Monday, September 9, 2024

Perhaps I'm Just Not Man Enough.

Trump CRASHES AND BURNS at his OWN rally (youtube.com)

You already know about the 14 year old Georgia kid who wiped out two of his classmates and two teachers with an assault weapon he received as a present from his father.  They're both being indicted.

Maybe you care, and maybe you don't.  It's possible we have so overwhelmingly many of these mass shootings/murders in this country that you've sort of lost a sense of perspective about them.  Donnie Trump and JD Vance haven't lost perspective.

Donnie says he's surprised to see this kind of thing, and surprised to see it here.  Although it's unclear why he's surprised, at about 2:49, he gives you perspective: "you have to get over it."

I've been a psychiatrist for a long time, and I will tell you that the thing people never get over more than anything else is the death of their own offspring.  It makes you wonder about someone whose perspective is "you have to get over it."  Should we assume Donnie would get over the death of his own offspring, because at some level, frankly, he doesn't care about them, or is he giving "you" advice he himself would be unable to take?  I guess he would give the same advice to the families of the two teachers who aren't coming home: "you have to get over it."

And then, there's JD Vance.  At about 3:34, he says he "[doesn't] like this," he "[doesn't] like to admit this," and he "[doesn't] like to admit this is a fact of life."  He doesn't make clear what he thinks is a "fact of life."  That everyone will die?  Yes, that's a "fact of life."  That two 14 year old kids who went to school, and two teachers who went to teach them, aren't coming home, because some 14 year old kid whose dad gave him an assault weapon decided to go on a murder rampage?  No, that doesn't really count as a "fact of life" in the way we feel we have to accept it.  Vehicular deaths?  Cancer?  Horrible, everyone hates it, but yeah, "fact of life."  Getting gunned down by some early teen whose father has the world's worst judgment?  No.

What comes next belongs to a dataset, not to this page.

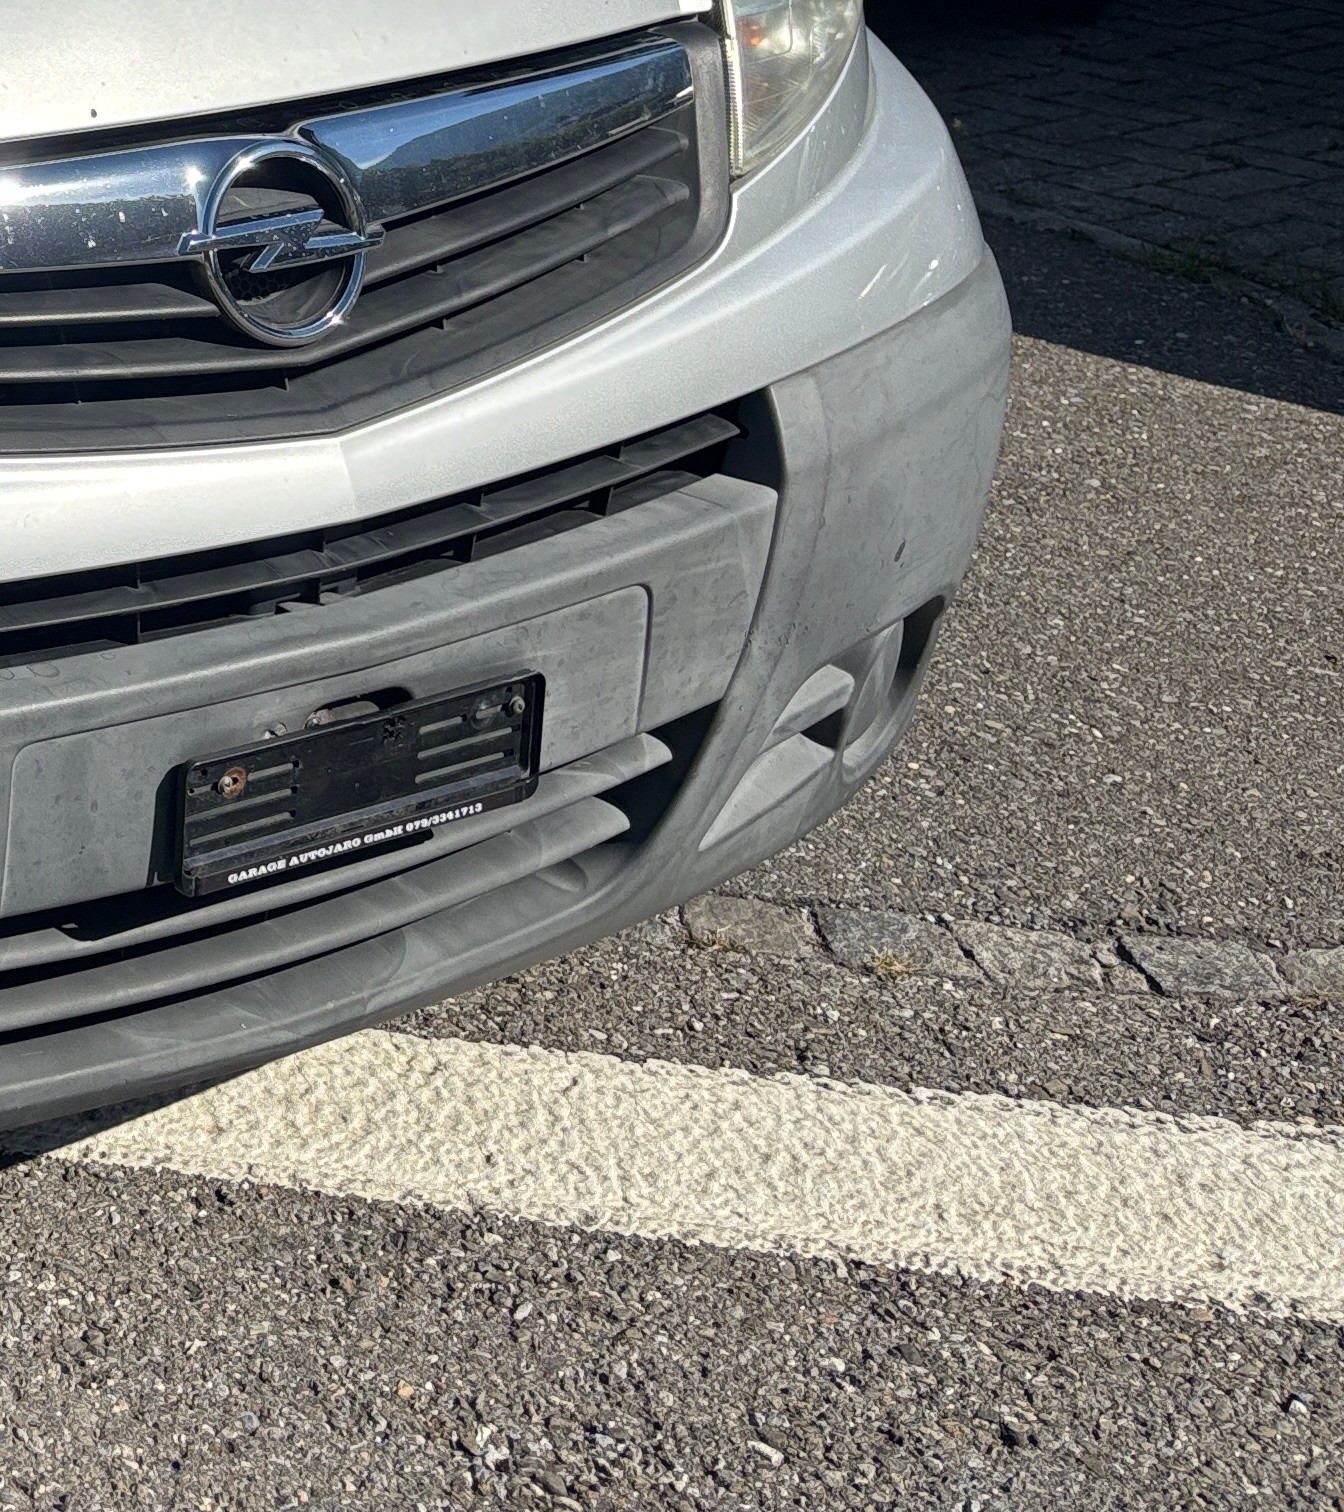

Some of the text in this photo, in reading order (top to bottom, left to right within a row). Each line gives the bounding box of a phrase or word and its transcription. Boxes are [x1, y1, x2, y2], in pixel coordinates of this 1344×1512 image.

[227, 858, 286, 884] GARAGE
[288, 837, 362, 867] AUTOJARO
[363, 825, 404, 844] GmbH

Although Vance did go on to clarify what he doesn't like, and what he doesn't like to admit.  (No, it was not that a 14 year old with a tragically disturbed father assassinated four people at school.  That wasn't what JD didn't like, and didn't like to admit.)  JD doesn't like the "fact of life" that we're going to have to harden the schools, presumably with more armed people.  If you think this is a sick vicious circle, you're not going to get any argument from me.

There's something very wrong with this country, and with many of the people who live here.  Way too many of us are on a murder rampage, and someone thinks this is sort of OK.  Presumably, they would like to watch gladiators, or lions fighting people, or dog fights, or cock fights, too.  They just have a disturbing and pathological tolerance for violence and destruction.

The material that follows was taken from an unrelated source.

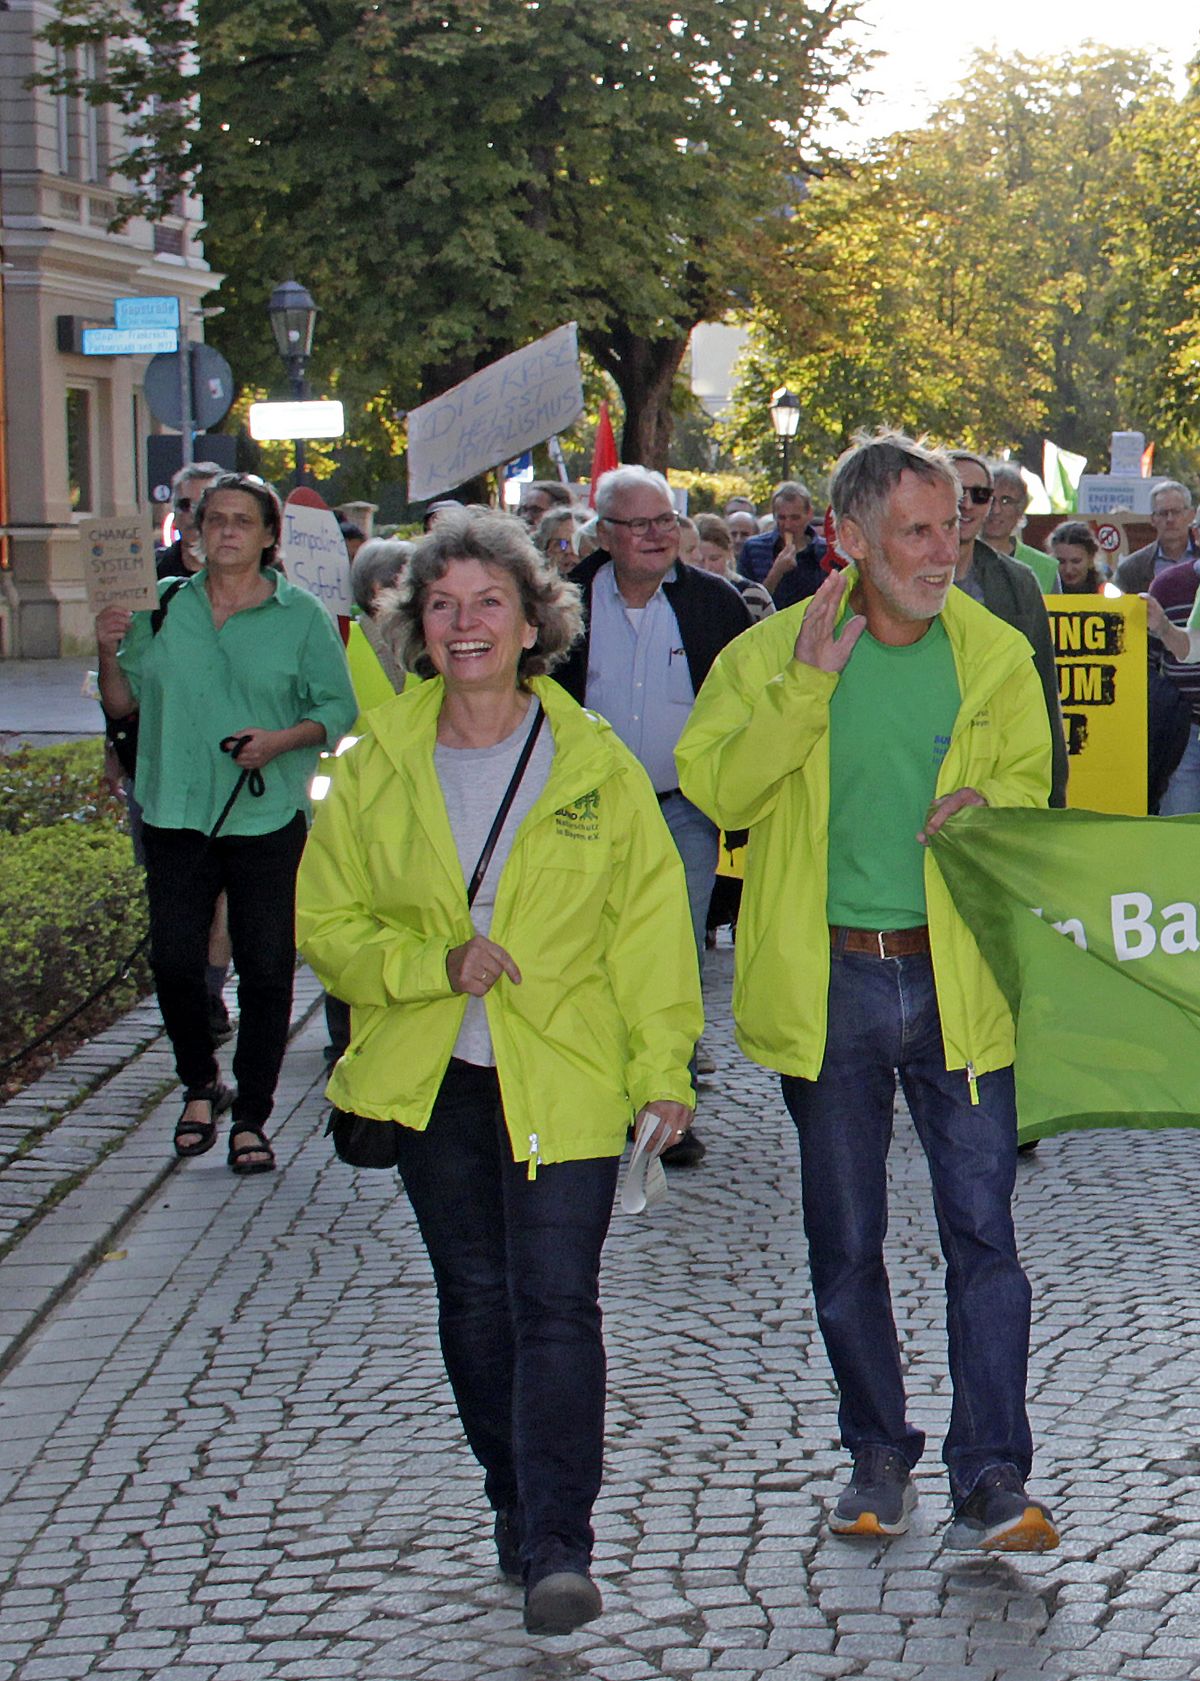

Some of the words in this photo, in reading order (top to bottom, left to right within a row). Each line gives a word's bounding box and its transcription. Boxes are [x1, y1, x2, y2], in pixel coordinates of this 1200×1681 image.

Yes, of course I know they think there's a "Second Amendment," and that this somehow gives civilians the right to carry guns.  It doesn't.  The "Second Amendment," which has been informally and indirectly repealed, has nothing to do with guns.  It's about militias.  There are a lot of problems regarding militias, especially in modern times, but if you want to know about them, read Federalist Paper #29.  Fourteen year olds don't qualify.  But more important, militias have a purpose.  That purpose (there are actually two of them) is to protect the states from federal over-reach and domination, and to join the Union if it's attacked from abroad.  Either purpose requires militias to be armed as their enemies are armed.  But the meaningful arms required to do that are already illegal ("infringed") for civilian possession.  The fact is that militias have no role, and neither does the "Second Amendment."

Maybe if someone assassinates Donnie's children, he'll give us an object example of the process of getting over it.  And if someone assassinates JD's children, he can credibly advocate for more guns in and around schools.  No, of course that won't bring back his children, but he can show us how to man up.